Problem requirements →
Every entry needs to be written out again exactly.

[Free-text object descriptions]
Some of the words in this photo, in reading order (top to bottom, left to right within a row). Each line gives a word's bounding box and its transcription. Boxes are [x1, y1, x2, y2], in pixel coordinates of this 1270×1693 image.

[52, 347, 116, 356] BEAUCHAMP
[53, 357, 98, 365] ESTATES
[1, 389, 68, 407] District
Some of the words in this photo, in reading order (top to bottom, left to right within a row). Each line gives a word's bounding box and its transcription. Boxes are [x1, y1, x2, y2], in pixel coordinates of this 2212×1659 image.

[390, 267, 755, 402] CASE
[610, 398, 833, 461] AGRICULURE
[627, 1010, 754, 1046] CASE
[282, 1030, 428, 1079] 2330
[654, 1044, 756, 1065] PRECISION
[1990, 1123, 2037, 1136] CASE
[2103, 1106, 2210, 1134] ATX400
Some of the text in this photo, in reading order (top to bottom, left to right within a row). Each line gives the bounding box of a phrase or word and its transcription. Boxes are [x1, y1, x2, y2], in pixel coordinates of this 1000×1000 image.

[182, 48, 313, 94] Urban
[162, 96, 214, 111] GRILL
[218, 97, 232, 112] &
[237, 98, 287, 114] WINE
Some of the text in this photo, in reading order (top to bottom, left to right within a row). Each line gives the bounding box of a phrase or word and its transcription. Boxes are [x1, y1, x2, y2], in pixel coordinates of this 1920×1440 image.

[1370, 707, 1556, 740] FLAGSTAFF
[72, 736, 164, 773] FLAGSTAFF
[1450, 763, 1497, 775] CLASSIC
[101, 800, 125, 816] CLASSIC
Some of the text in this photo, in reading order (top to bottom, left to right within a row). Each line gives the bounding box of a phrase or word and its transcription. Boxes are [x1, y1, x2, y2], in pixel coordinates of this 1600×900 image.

Exercise result →
Some of the words in this photo, in reading order (top to bottom, left to right within a row). Each line gives a word's bounding box and its transcription. Boxes are [x1, y1, x2, y2], in pixel coordinates of this 1270×1693 image.

[52, 347, 116, 356] BEAUCHAMP
[53, 357, 98, 365] ESTATES
[1, 389, 68, 407] District
Some of the words in this photo, in reading order (top to bottom, left to right within a row). Each line gives a word's bounding box and its transcription. Boxes are [x1, y1, x2, y2], in pixel coordinates of this 2212×1659 image.

[390, 267, 755, 402] CASE
[610, 398, 833, 461] AGRICULURE
[627, 1010, 754, 1046] CASE
[282, 1030, 428, 1079] 2330
[654, 1044, 756, 1065] PRECISION
[1990, 1123, 2037, 1136] CASE
[2103, 1106, 2210, 1134] ATX400
Some of the text in this photo, in reading order (top to bottom, left to right within a row). Each line gives the bounding box of a phrase or word and its transcription. Boxes are [x1, y1, x2, y2], in pixel coordinates of this 1000×1000 image.

[182, 48, 313, 94] Urban
[162, 96, 214, 111] GRILL
[218, 97, 232, 112] &
[237, 98, 287, 114] WINE
Some of the text in this photo, in reading order (top to bottom, left to right within a row). Each line gives the bounding box of a phrase or word and its transcription. Boxes are [x1, y1, x2, y2], in pixel coordinates of this 1920×1440 image.

[1370, 707, 1556, 740] FLAGSTAFF
[72, 736, 164, 773] FLAGSTAFF
[1450, 763, 1497, 775] CLASSIC
[101, 800, 125, 816] CLASSIC
Some of the text in this photo, in reading order (top to bottom, left to right within a row). Each line gives the bounding box of a phrase or word and its transcription. Boxes are [x1, y1, x2, y2], in pixel coordinates of this 1600×900 image.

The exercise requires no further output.